While this might give you the impression that I was holidaying, in fact I was in Europe to present a paper on the Australian Out-of-Home (OOH) industry at the Annual FEPE conference held in Vienna. The Federation European Publicite Exterieur (FEPE) is made up of the national outdoor advertising federations of France, Germany, Belgium, Finland, Italy and the Netherlands. I then went on to France to the Cannes Lions International Festival of Creativity.
As you would expect, the two conferences had very different audiences, with FEPE focusing exclusively on OOH and Cannes focusing on creativity. There were, however, several common themes in the content. Storytelling and technology were heavily explored and commented on at both: in the context of creating connections with the people we are trying to reach.
Another key point made over and over again was that it is our duty as businesses not to just do well commercially but to also do good, leave a legacy, create a movement, make a difference.
Which was the reason given by the judges of the Cannes Lions for awarding the OOH Grand Prix to the Australian ANZ Bank’s GAYTMs. Yes, I know this is not traditional OOH but nevertheless the GAYTMS tell a great story. The campaign tells you a lot about how the bank wants to position itself and it clearly captures a topical moment in time in a fun and cheeky way that would put a smile on most peoples’ faces. That certainly was my reaction the first time I used a GAYTM in Surry Hills this year. So, I cheered and whooped loudly in Cannes at the Awards ceremony, celebrating that the judges had recognised, acknowledged and awarded the prize to the campaign that captured the zeitgeist, and had achieved social contextual relevancy.
Despite much talk about big data and the advances of the various technology platforms it was heartening to come back to some very simple truths – we like telling and hearing stories, we want them to touch us and we want them to be relevant. Technology is not an end in itself it is another means to an end; it is just another vehicle for getting our messages across.

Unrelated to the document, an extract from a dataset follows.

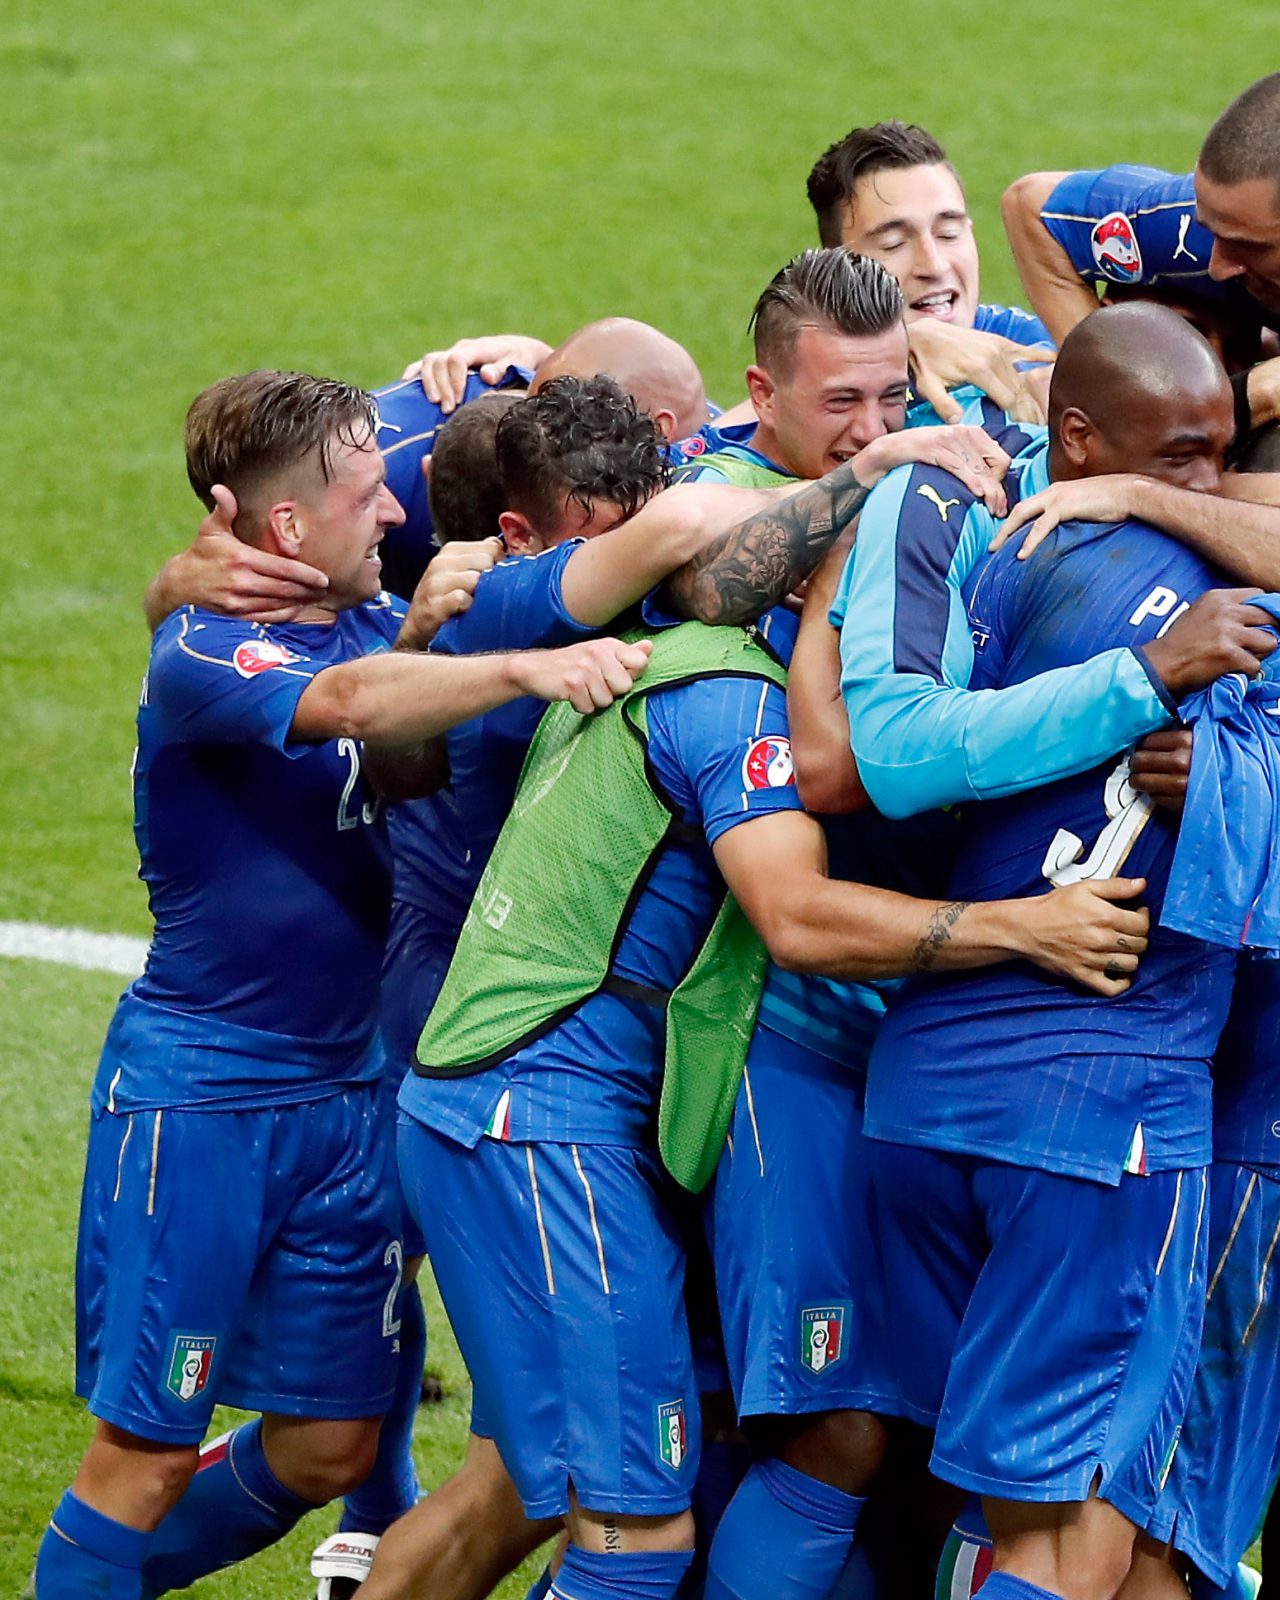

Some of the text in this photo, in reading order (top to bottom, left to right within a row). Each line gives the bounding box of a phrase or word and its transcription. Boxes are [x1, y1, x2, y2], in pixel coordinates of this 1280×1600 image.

The role OOH can play in making these simple truths come to life is in our ability to curate a brand’s story across peoples’ daily lives, from the journey they take from leaving home to purchasing the product. Additionally, we can more and more, through technology, make that connection between brands, products and people along the way and we can do it without bombarding or interrupting because we are part of everyday lives. And if we can encourage brands to make a difference as well along the way we have not just done well but done some good.
Like my dream of a perpetual summer I can but dream that OOH will be a brand’s beacon to radiate their story. And given how well we can tell a simple story and partner with technology I know that this dream is more likely to come true, far more than my dream of an endless summer.